Ken tried calling the clinic and then the oncology unit at the hospital but neither were open yet. He headed off to work. I sat at the kitchen table while Mom and C played some games and Dad read - something, I am not sure what. I broke down quite a few more times with them about how hard this is and that I can't do it. We all cried. C kept looking at me and I would smile and he'd smile back. Poor little fart, doesn't understand. That is probably good though. It was healing though. I don't like to cry with my parents because like I have said before, I can't even imagine how hard this is for them. But it was ok today. I needed it and I think they did too.
I called VCC and asked for my results which the told me the Dr. already had because he is on the same computer system. I then phoned the O unit back and asked the sweet nurse to see if she could get results a little quicker for me. I was seriously just sick.
Dr called me back at 11:15am. He told me that the one spot did light up/showed as active and that there was another small spot, a lymph node at the base of where my bronchial tubes separate into my lungs that also lit up. The spot in my right lung has only grown 1mm in the past 3 weeks so I consider that a huge blessing. Before it was averaging about 3mm per month so I think this is pretty good. Also and most importantly to me, my liver and spleen are clear and my bones do not have any lesions on them.
It would be best to not have stage IV cancer, but there are many people who have success even with stage IV. So, like I said to my Gramma, I took the boards back out side from the garage, put them back on the fence and stopped building my coffin. She didn't really laugh.
PLEASE keep praying for us. Pray that it will continue to grow slowly and that it won't travel to any other places in my body at this time - ESPECIALLY my brain. Your prayers are so important to each and every individual of our family. And may God bless you always for praying for us.

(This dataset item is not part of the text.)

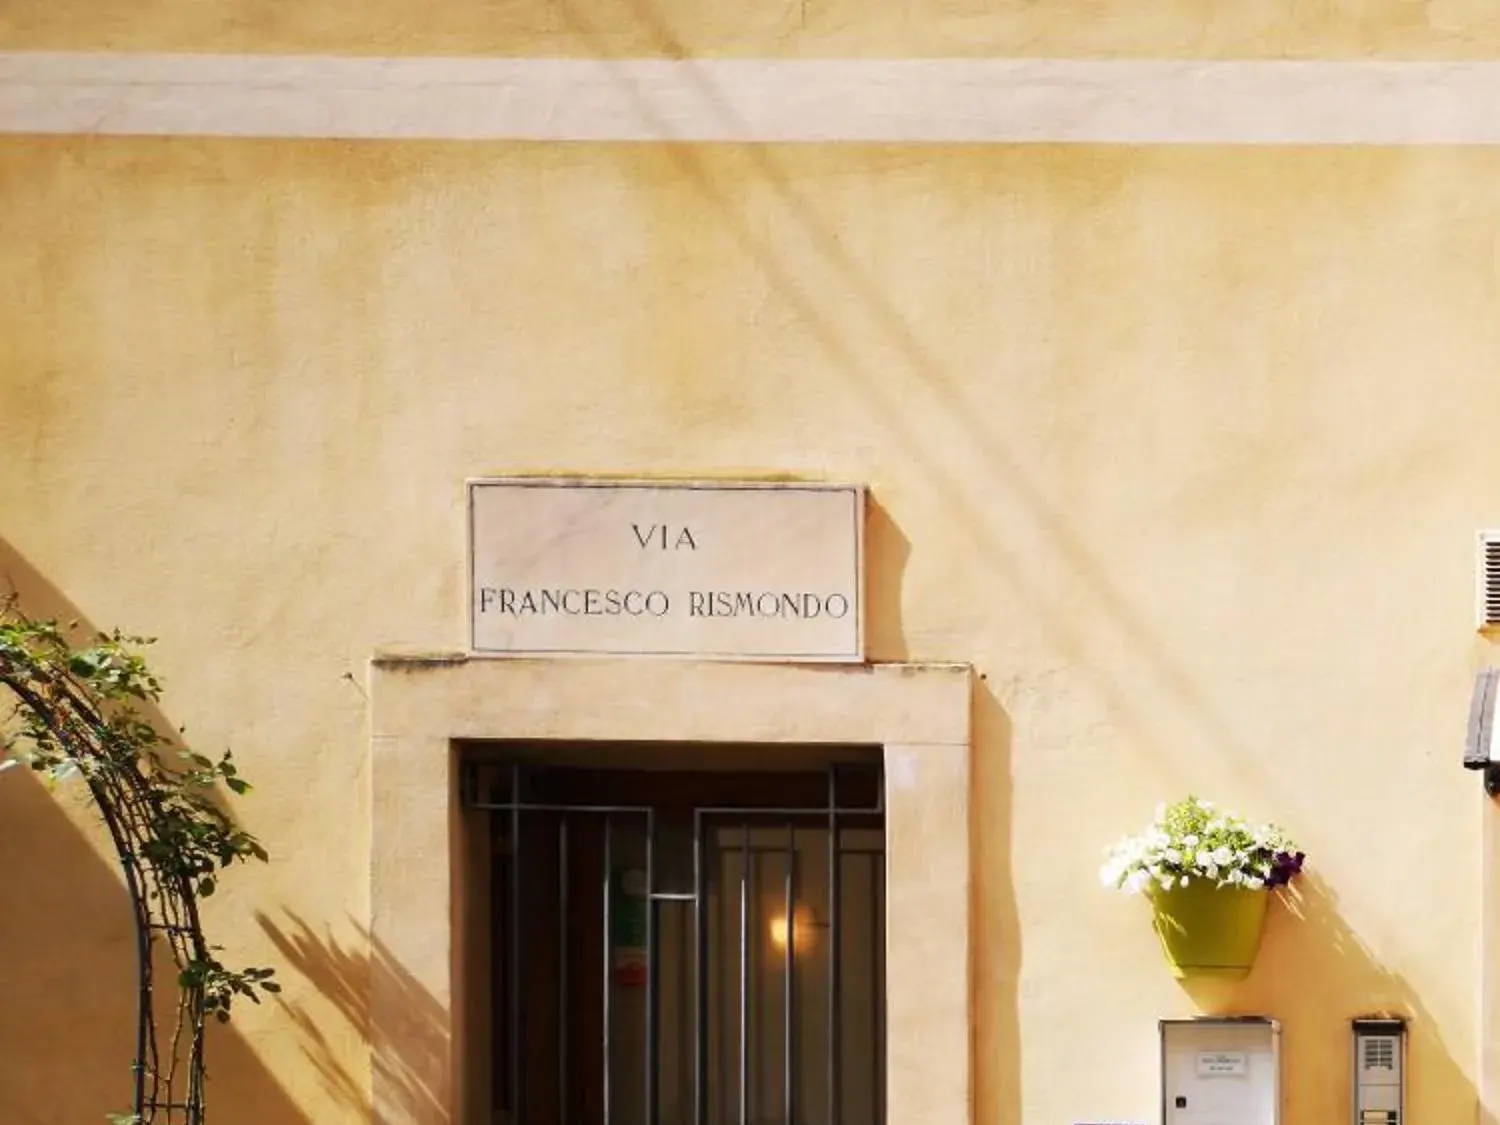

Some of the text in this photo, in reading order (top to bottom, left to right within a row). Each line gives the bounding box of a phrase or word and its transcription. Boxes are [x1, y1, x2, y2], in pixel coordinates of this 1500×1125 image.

[632, 524, 698, 550] VIA
[480, 588, 849, 618] FRANCESCO RISMONDO

Ken and I have made our decision. We are going to go to Reno for treatment. I have felt peace every single time I have thought about Reno. I haven't been confused or stressed. Now we are just waiting to hear back from their office so we can set up our first visit in which I will have blood taken and it will be shipped to Greece for a chemo-sensitivity test to see which chemo's would be most effective in treating what is going on. They test a hair sample to see if your body is overloaded with heavy metals. I just really feel that Dr. F is going to be amazing and thorough and like I have said before, I have hope. And that to me, is priceless.